In particular, the American legal system provides some principles and practices which can guide technical decision making on fast growing teams. At all times, teams must balance between remaining flexible and ensuring that changes are made intentionally. A team that is constantly re-evaluating every question of design will be ineffective and paralyzed by constant churn. And the converse situation is just as dangerous. If a team never re-examines their design decisions, they continue to make a bad design worse and worse.1
The legal system operates on the principle of precedent. This means that the previous decisions of other courts should be applied in subsequent related matters in other courts. Software teams should operate under a similar model. When intentional design decisions are made, it is important that they not be changed unintentionally.

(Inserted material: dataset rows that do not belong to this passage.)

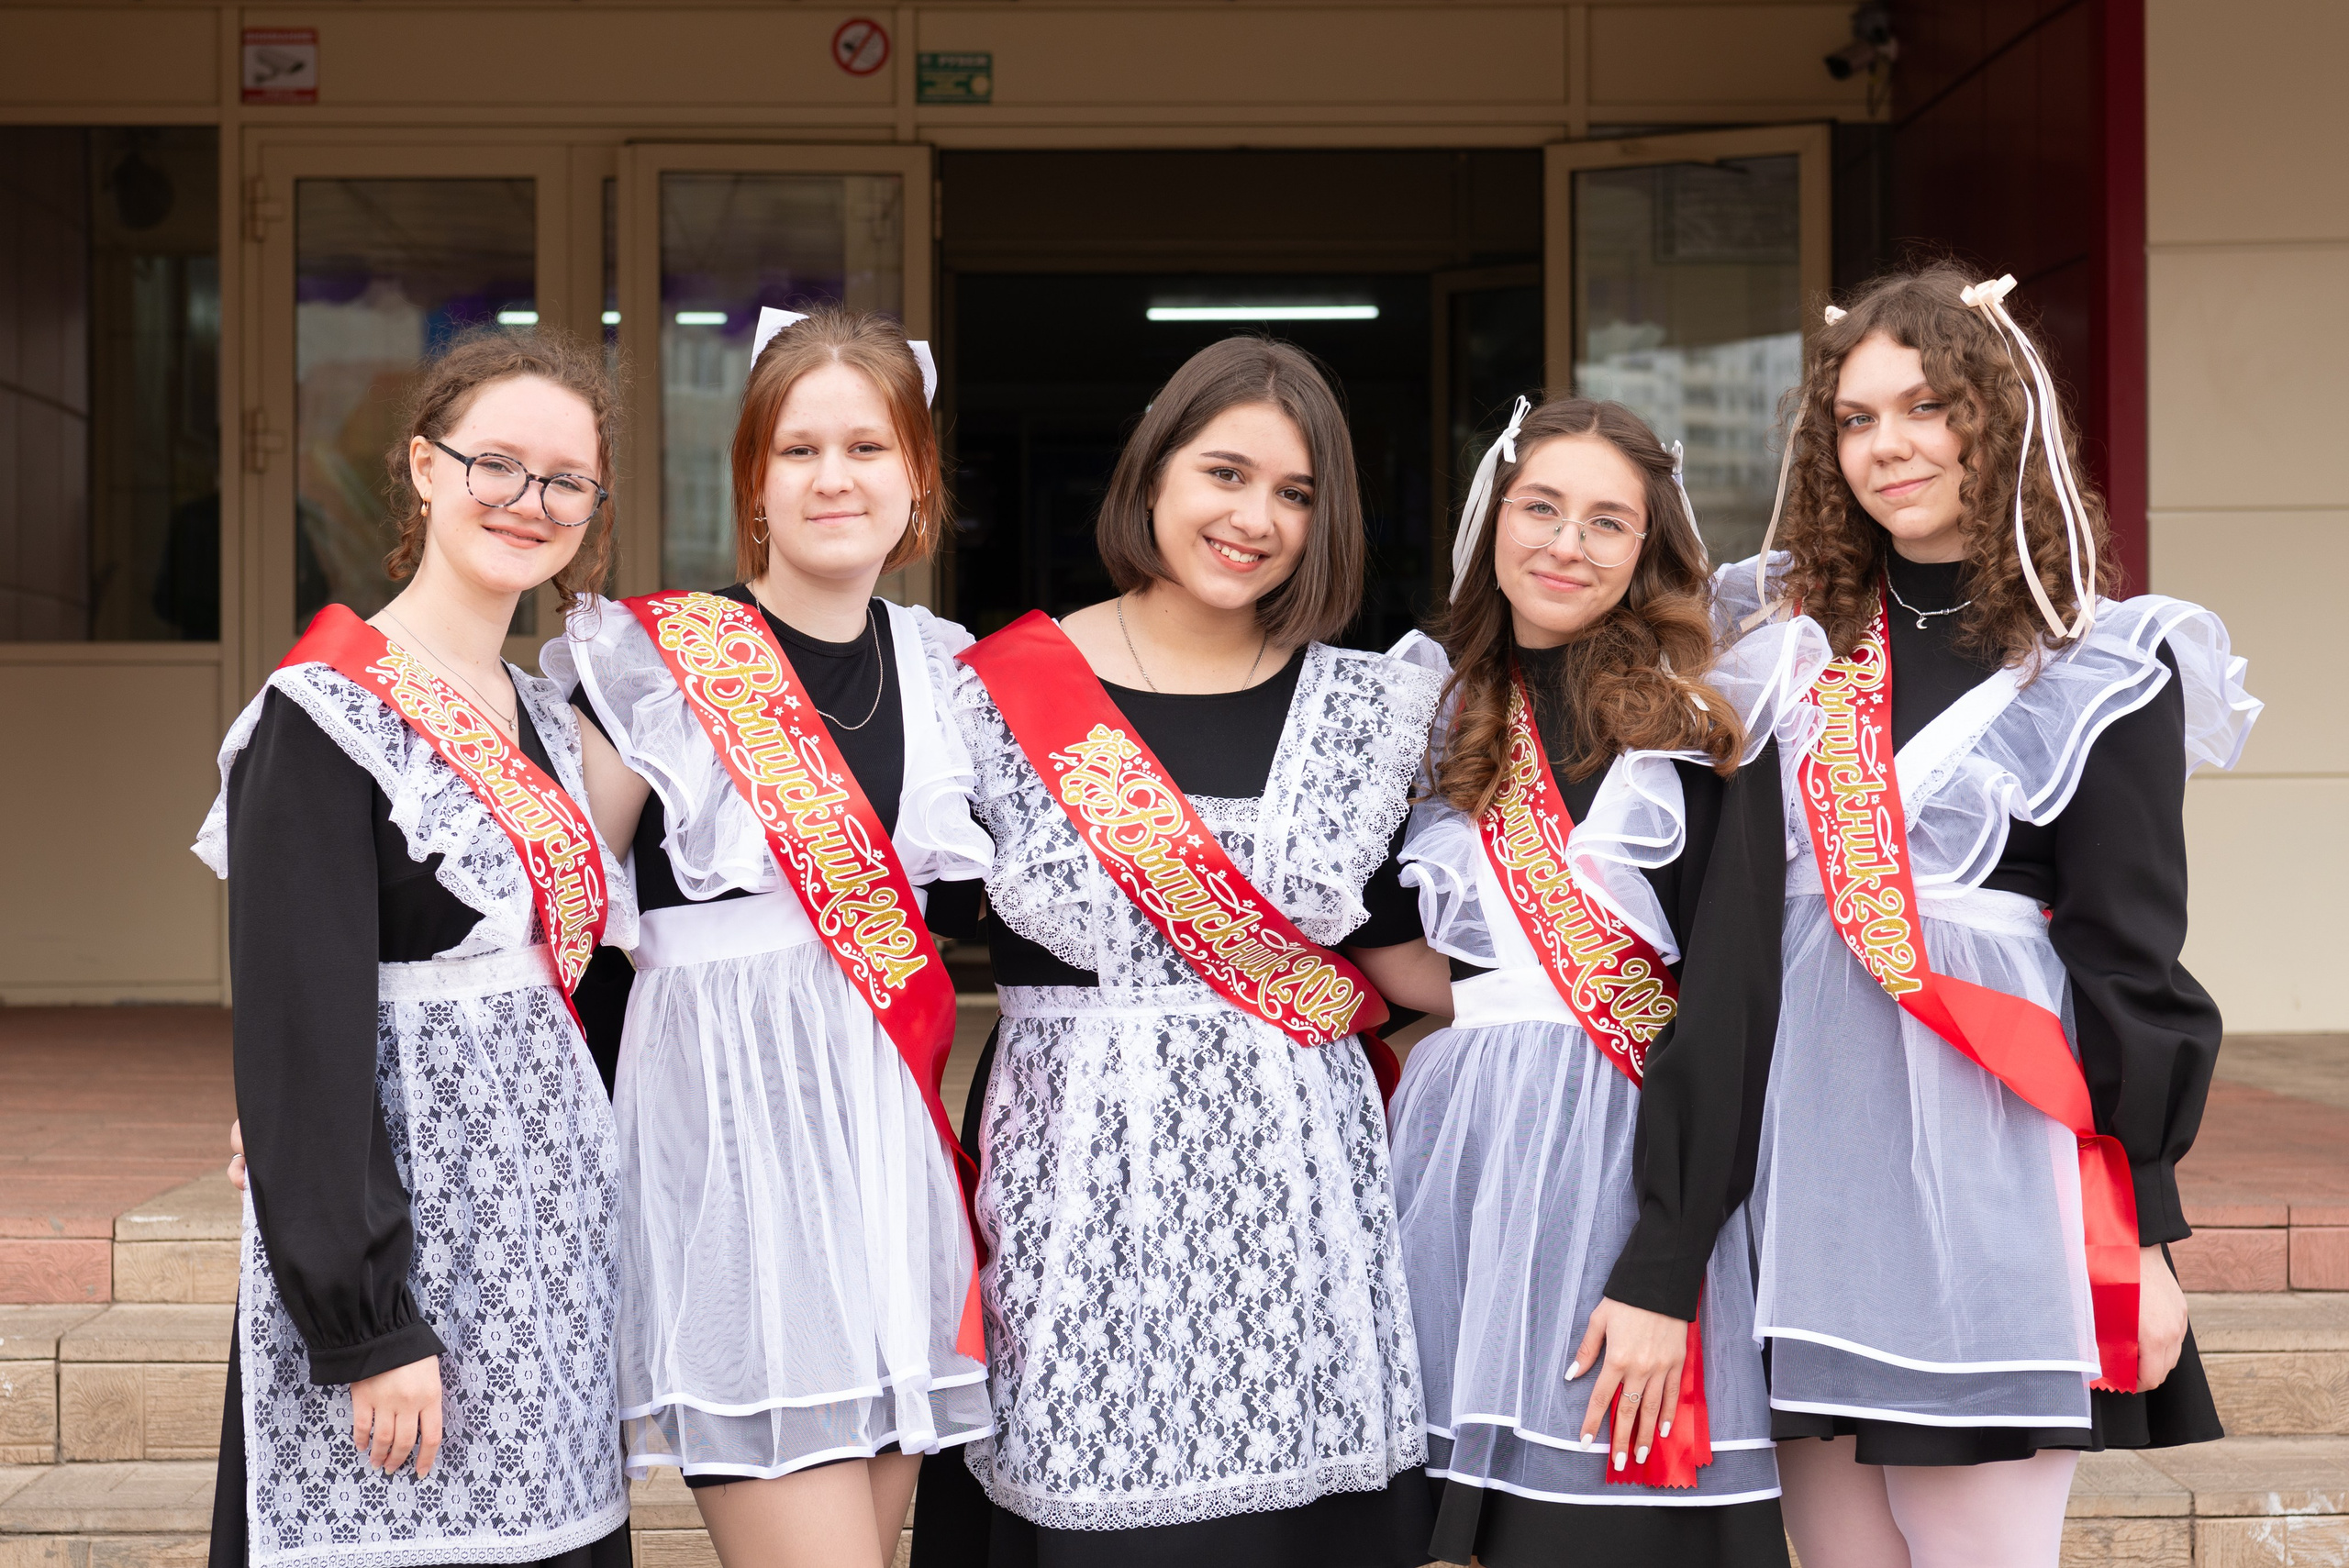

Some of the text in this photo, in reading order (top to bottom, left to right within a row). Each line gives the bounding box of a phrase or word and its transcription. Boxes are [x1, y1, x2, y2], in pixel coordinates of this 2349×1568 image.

[420, 694, 601, 988] Выпускник
[677, 626, 929, 990] Выпускник 2024
[1080, 773, 1365, 1041] Выпускник 2024
[1490, 729, 1678, 1043] Выпускник 202
[1809, 629, 1923, 1002] Выпускник 2024
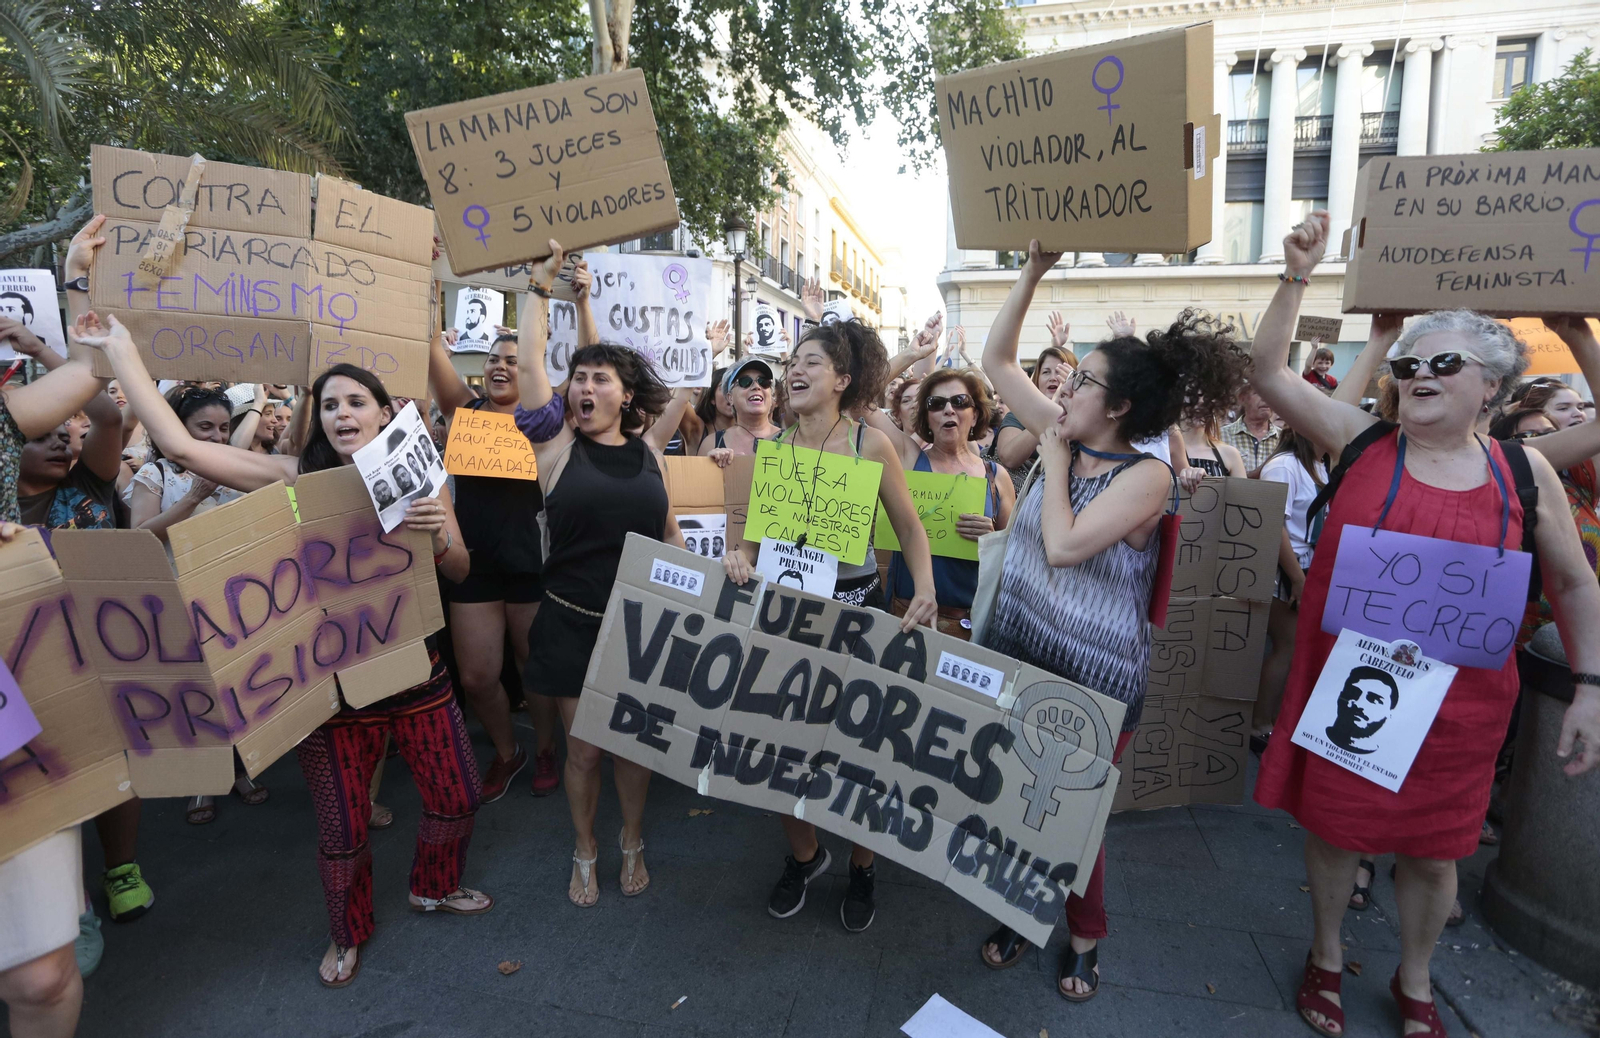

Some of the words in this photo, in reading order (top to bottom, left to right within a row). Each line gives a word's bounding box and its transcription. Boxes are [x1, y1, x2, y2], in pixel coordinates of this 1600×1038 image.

[426, 120, 455, 151] LA
[459, 97, 572, 142] MANADA
[584, 87, 638, 114] SON
[1111, 122, 1147, 155] AL
[439, 162, 473, 194] 8:
[495, 150, 516, 178] 3
[529, 130, 621, 166] JUECES
[1379, 161, 1407, 191] LA
[549, 171, 560, 191] Y
[113, 170, 286, 216] CONTRA
[335, 199, 392, 240] EL
[512, 206, 533, 232] 5
[1394, 198, 1424, 217] EN
[1437, 197, 1462, 216] SU
[1378, 243, 1535, 264] AUTODEFENSA
[608, 303, 694, 344] GUSTAS
[662, 346, 709, 380] CALLAS
[452, 433, 490, 445] AQUÍ
[459, 416, 521, 434] HERMA
[447, 453, 522, 473] MANADA
[485, 447, 500, 455] TU
[762, 456, 848, 492] FUERA
[754, 481, 871, 526] VIOLADORES
[760, 504, 778, 516] DE
[792, 512, 860, 539] NUESTRAS
[1178, 520, 1205, 566] DE
[779, 556, 814, 574] PRENDA
[1213, 501, 1263, 652] BASTA
[1369, 547, 1421, 586] YO
[1437, 561, 1505, 598] SÍ
[714, 577, 927, 683] FUERA
[1335, 584, 1397, 626] TE
[1402, 599, 1516, 655] CREO
[117, 595, 402, 745] PRISIÓN
[1359, 653, 1415, 680] CABEZUELO
[1175, 708, 1245, 787] YA
[1301, 731, 1314, 741] SOY
[1315, 736, 1325, 746] UN
[1325, 741, 1357, 761] VIOLADOR
[1363, 758, 1371, 768] EL
[1371, 763, 1398, 780] ESTADO
[1325, 750, 1335, 759] LO
[1335, 754, 1364, 773] PERMITE
[608, 692, 677, 754] DE
[690, 725, 939, 852] NUESTRAS
[947, 814, 1078, 926] CALLES

To that end, when architectural decisions are made, they need to be documented. And further, the opinion needs to be documented. A team cannot rely on the presence of the person who made the decision in order to understand its purpose. Michael Nygard described some concrete steps to document these sorts of decisions on the Relevance blog in 2011.2 3 He proposes keeping Architectural Design Records (ADR) within your codebase to store information about decisions that have been made. I think this process is an excellent starting point for the sort of deliberate, precedent-based decision making I'm arguing for.4
Within the legal system, it is still possible to break with precedent. This is generally done by the Supreme Court in questions of Constitutionality. Because the burden to modify the Constitution is so high, the court is able to overturn existing precedent. Many of the highest profile decisions of the court are like this. Additionally, the court is able to make decisions without establishing precedent. And the court uses opinions to attempt to clarify their intent in making decisions and establishing precedent.
To follow these principles within the context of a software team means that there must be processes in place to re-interpret or amend an ADR as necessary. A strict constructionist interpretation of ADRs will lead to heartbreak. Additionally, it is important to be able to identify decisions that are made that do not mean that a precedent is being set.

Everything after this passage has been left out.